◆ **EXERCISE GOAL**
Omitting all images, transcribe the listing word for word.

◆ **AVAILABLE DATA**
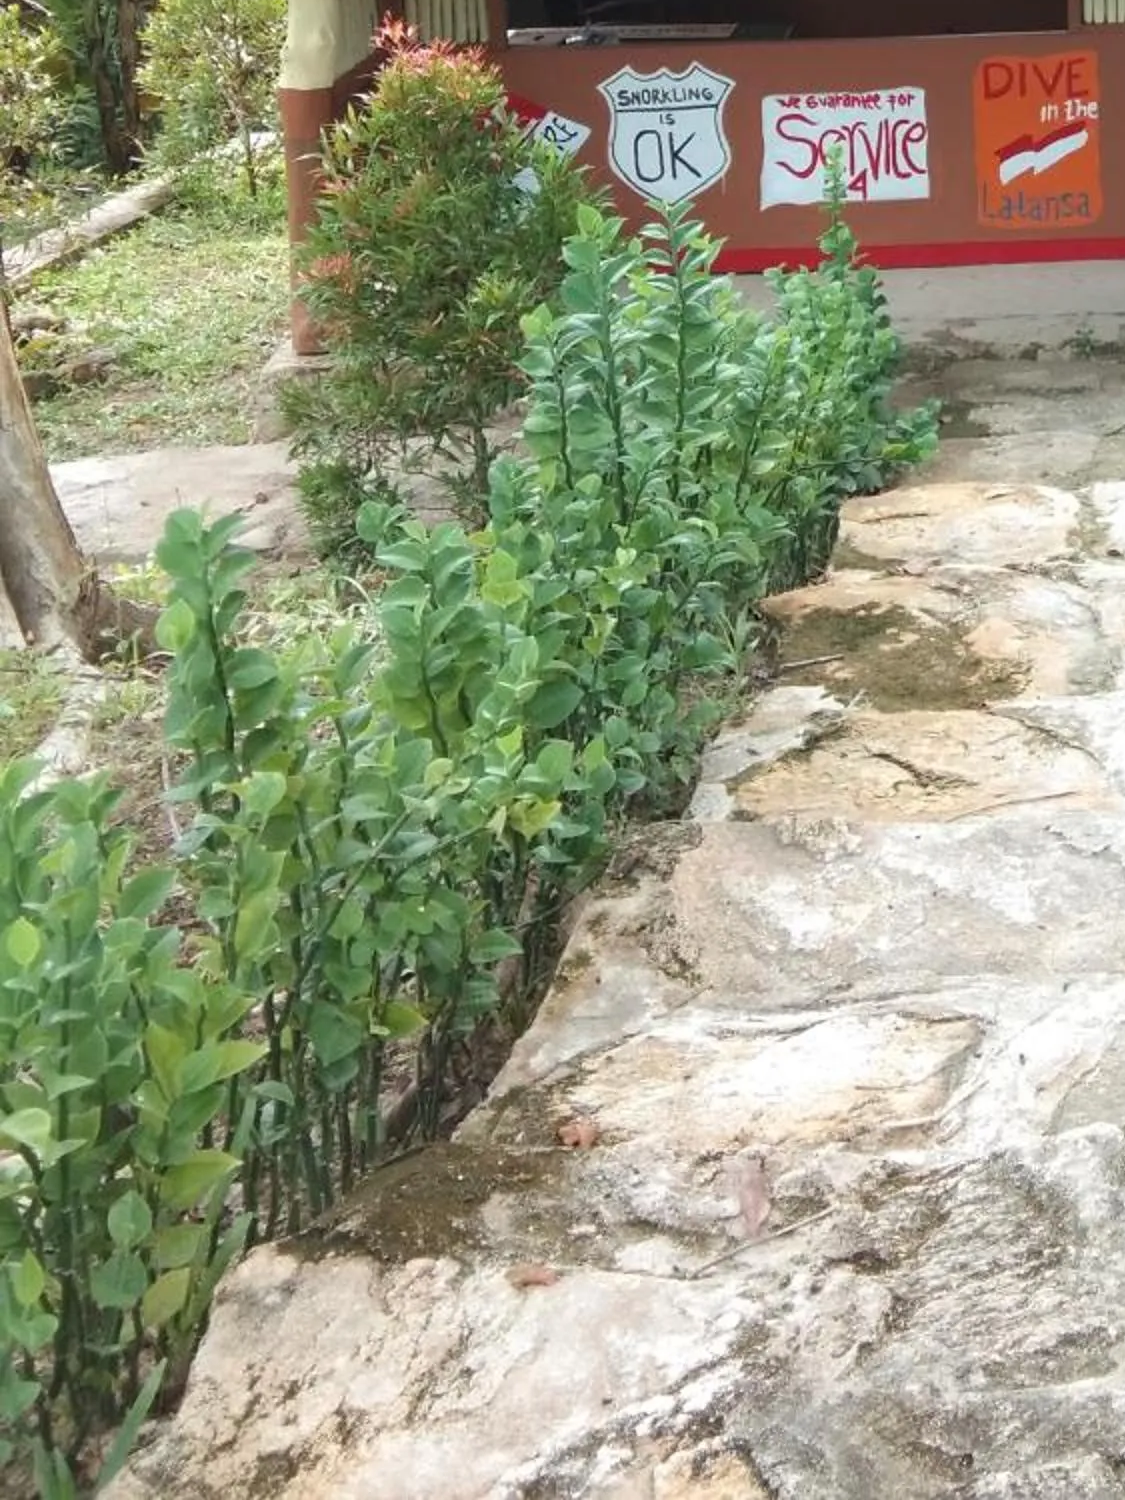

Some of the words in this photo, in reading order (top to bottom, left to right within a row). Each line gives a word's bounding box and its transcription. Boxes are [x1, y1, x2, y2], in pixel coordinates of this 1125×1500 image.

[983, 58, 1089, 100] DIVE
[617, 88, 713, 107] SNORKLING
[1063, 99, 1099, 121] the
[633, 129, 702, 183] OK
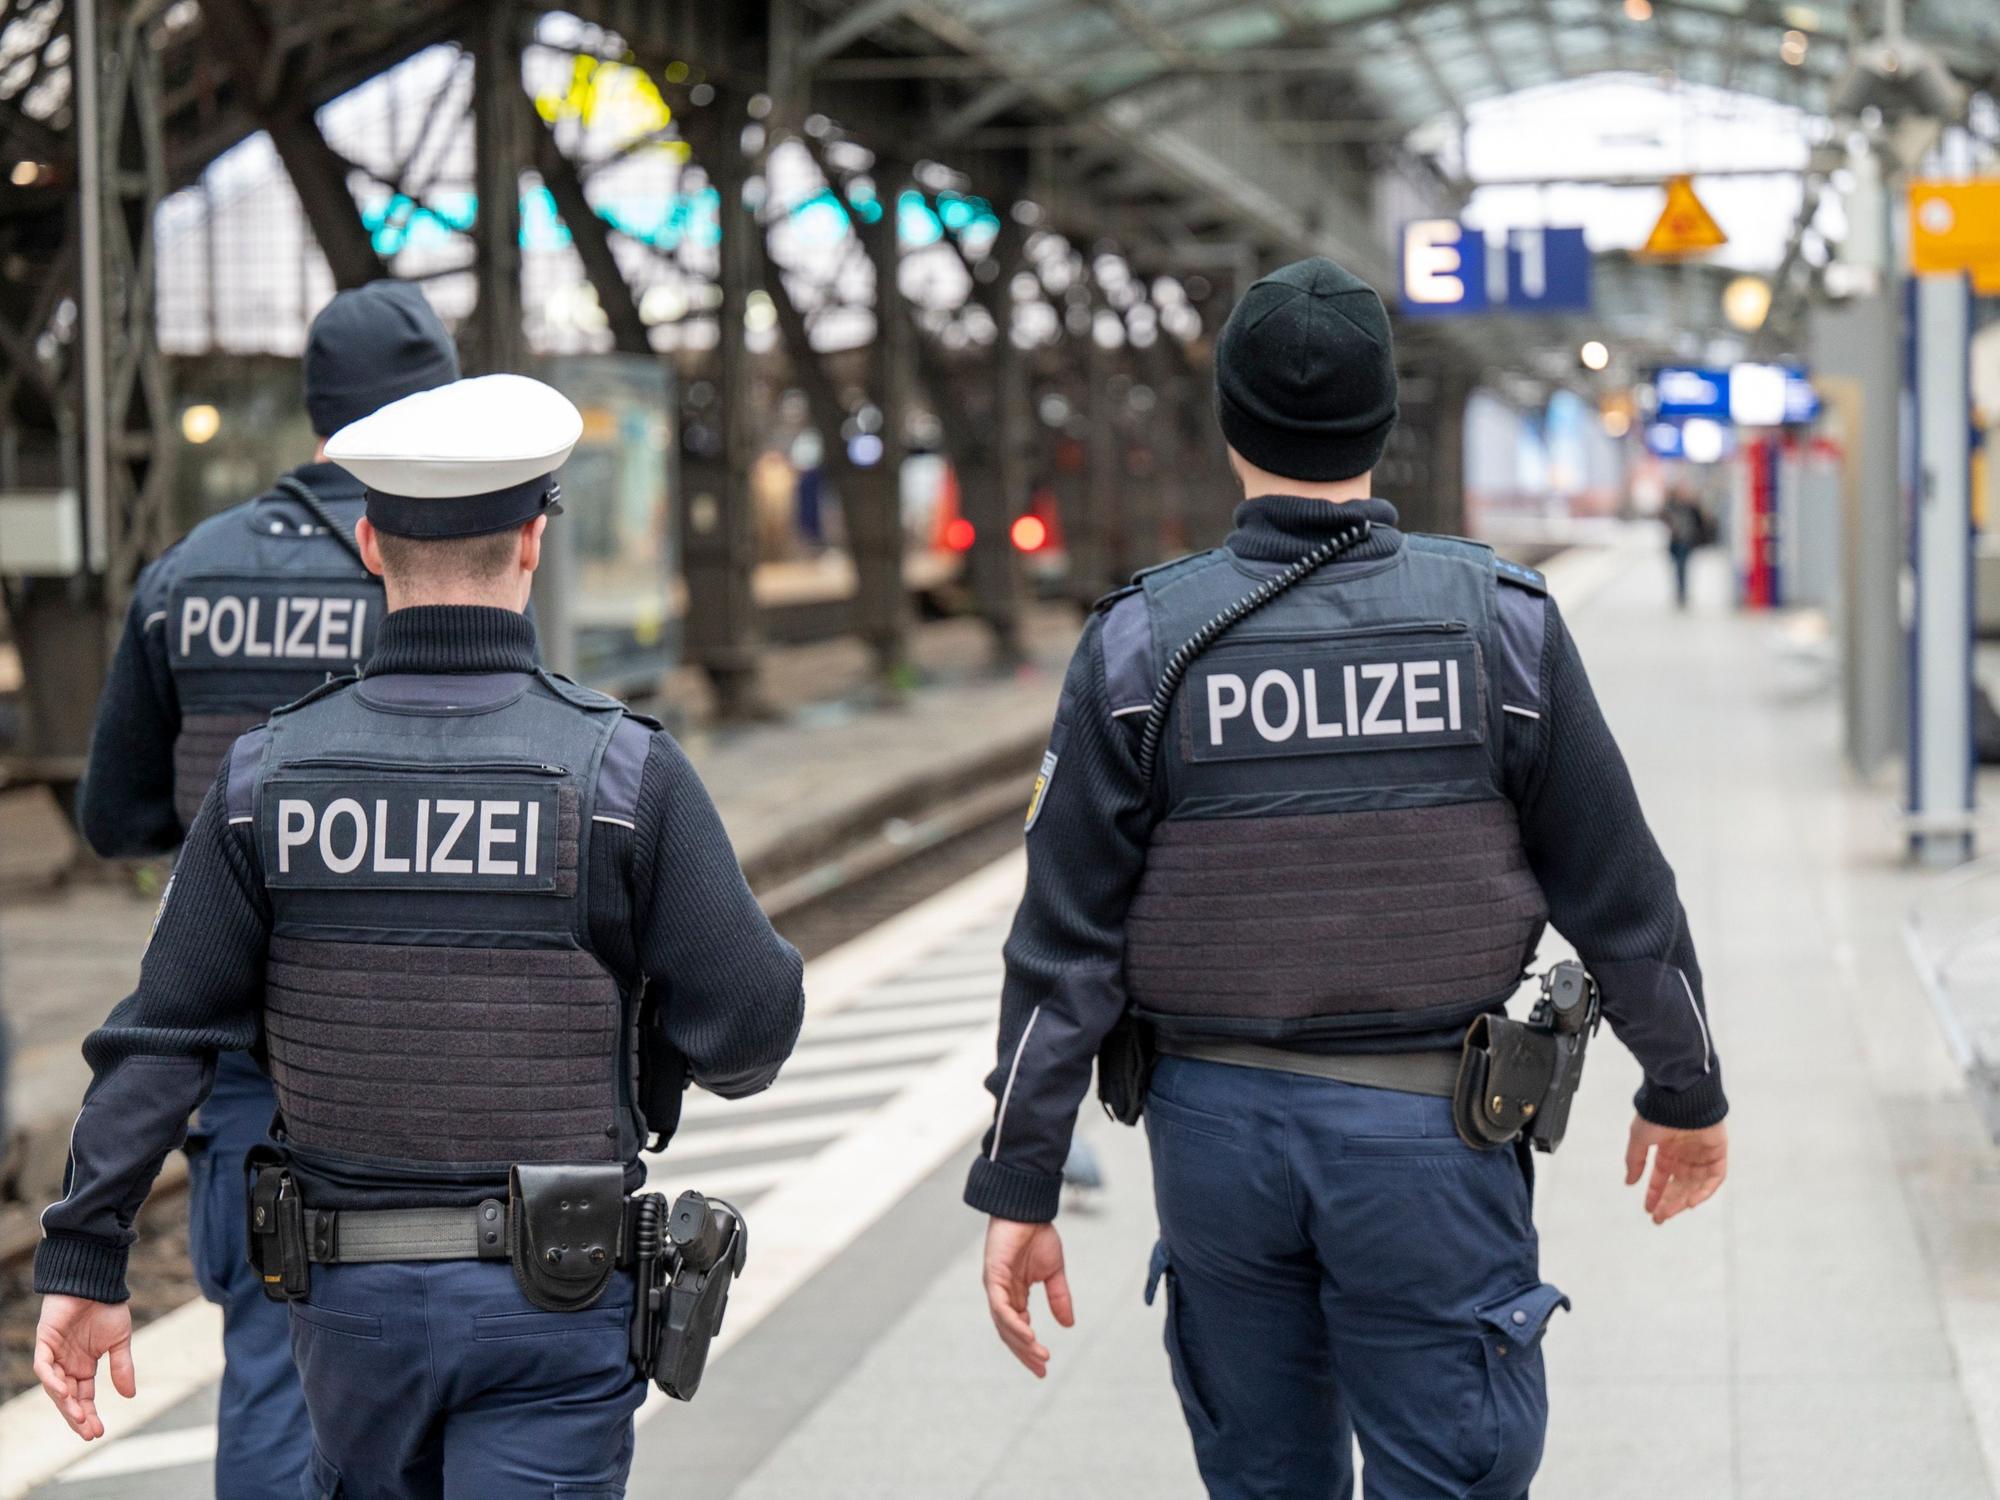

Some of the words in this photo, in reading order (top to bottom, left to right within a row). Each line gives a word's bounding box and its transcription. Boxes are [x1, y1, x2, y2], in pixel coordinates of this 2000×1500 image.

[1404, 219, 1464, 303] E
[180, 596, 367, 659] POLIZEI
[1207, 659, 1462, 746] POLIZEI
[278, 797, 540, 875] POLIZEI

◆ **SOLUTION**
Some of the words in this photo, in reading order (top to bottom, left to right within a row). Each line gives a word's bounding box and its transcription. Boxes are [x1, y1, x2, y2], in pixel coordinates of this 1125×1500 image.

[983, 58, 1089, 100] DIVE
[617, 88, 713, 107] SNORKLING
[1063, 99, 1099, 121] the
[633, 129, 702, 183] OK

Some of the words in this photo, in reading order (top to bottom, left to right within a row). Each line gives a word's bounding box and its transcription. Boxes are [x1, y1, x2, y2], in pixel coordinates of this 2000×1500 image.

[1404, 219, 1464, 303] E
[180, 596, 367, 659] POLIZEI
[1207, 659, 1462, 746] POLIZEI
[278, 797, 540, 875] POLIZEI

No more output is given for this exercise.